• **Task description**
The required answer is the data below, restated word for word with images omitted.
++++ Available data ++++
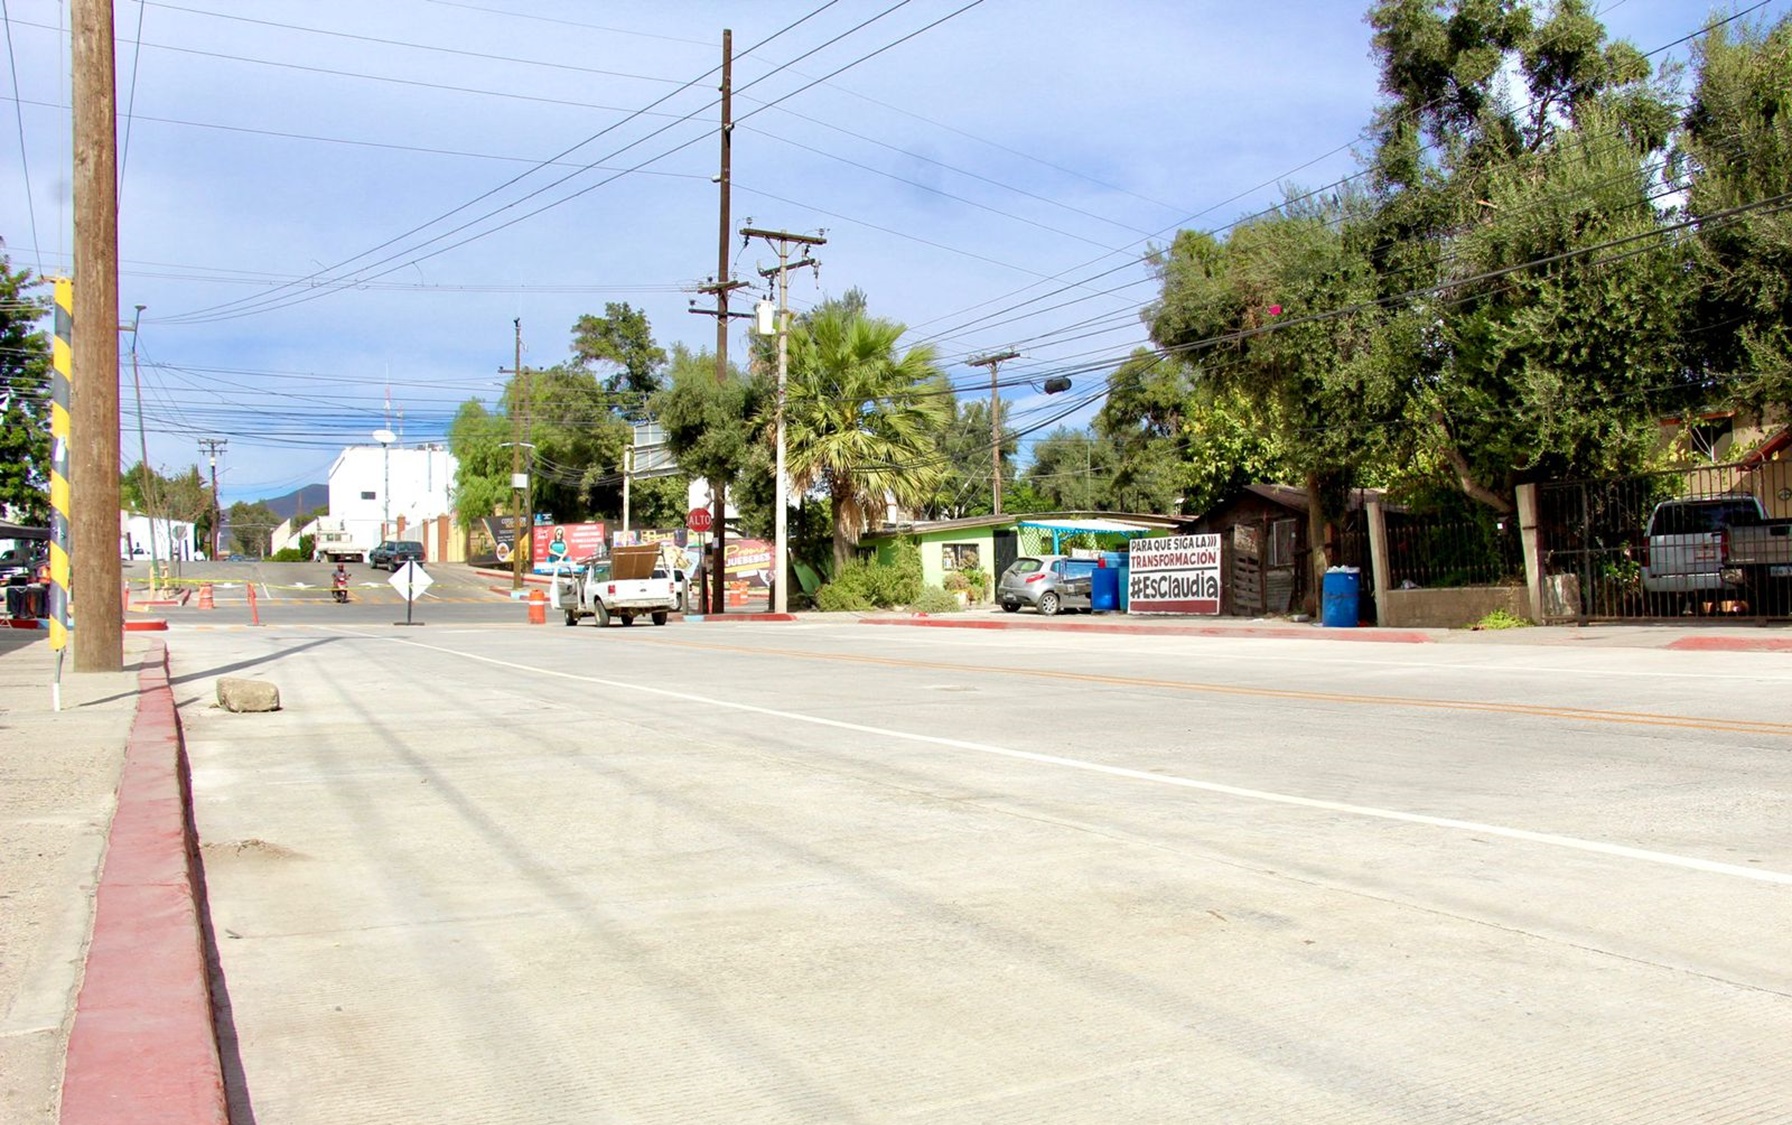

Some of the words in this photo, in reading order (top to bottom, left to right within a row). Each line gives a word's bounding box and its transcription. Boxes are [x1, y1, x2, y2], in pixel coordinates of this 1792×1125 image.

[689, 515, 711, 525] ALTO
[1131, 539, 1152, 552] PARA
[1154, 538, 1172, 551] QUE
[1175, 537, 1194, 551] SIGA
[1196, 536, 1206, 549] LA
[1131, 549, 1216, 568] TRANSFORMACIÓN
[1130, 571, 1218, 599] #EsClaudia
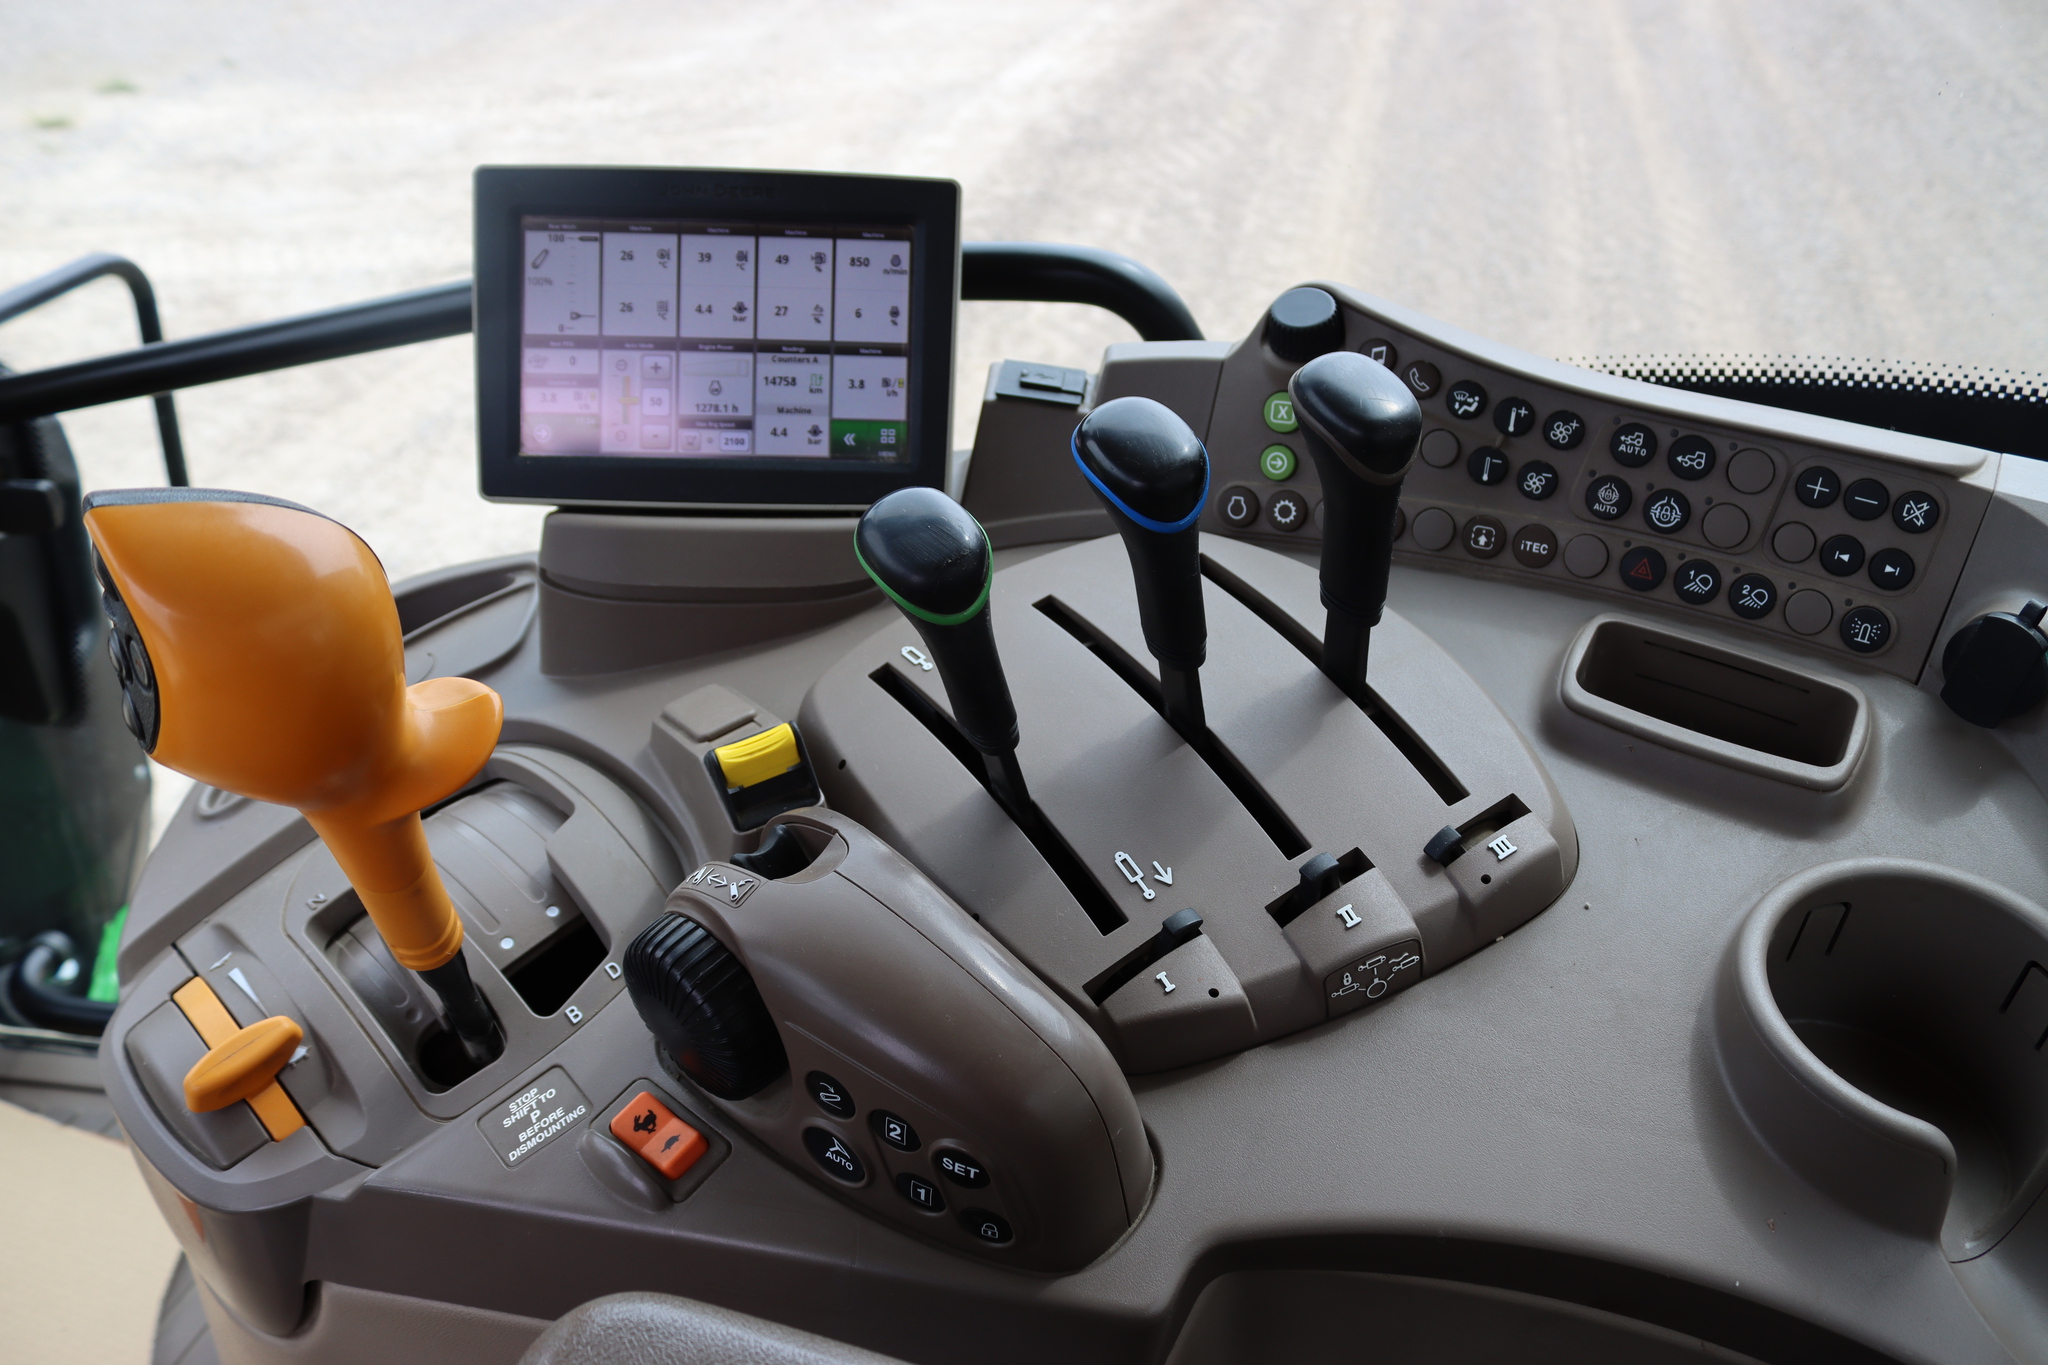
++++
• **Answer section**
Some of the words in this photo, in reading order (top to bottom, left to right within a row). Each line gives a word's bounding box and its transcription. Boxes are [x1, y1, x2, y2], in pixel coordinates of this 1792×1125 image.

[689, 515, 711, 525] ALTO
[1131, 539, 1152, 552] PARA
[1154, 538, 1172, 551] QUE
[1175, 537, 1194, 551] SIGA
[1196, 536, 1206, 549] LA
[1131, 549, 1216, 568] TRANSFORMACIÓN
[1130, 571, 1218, 599] #EsClaudia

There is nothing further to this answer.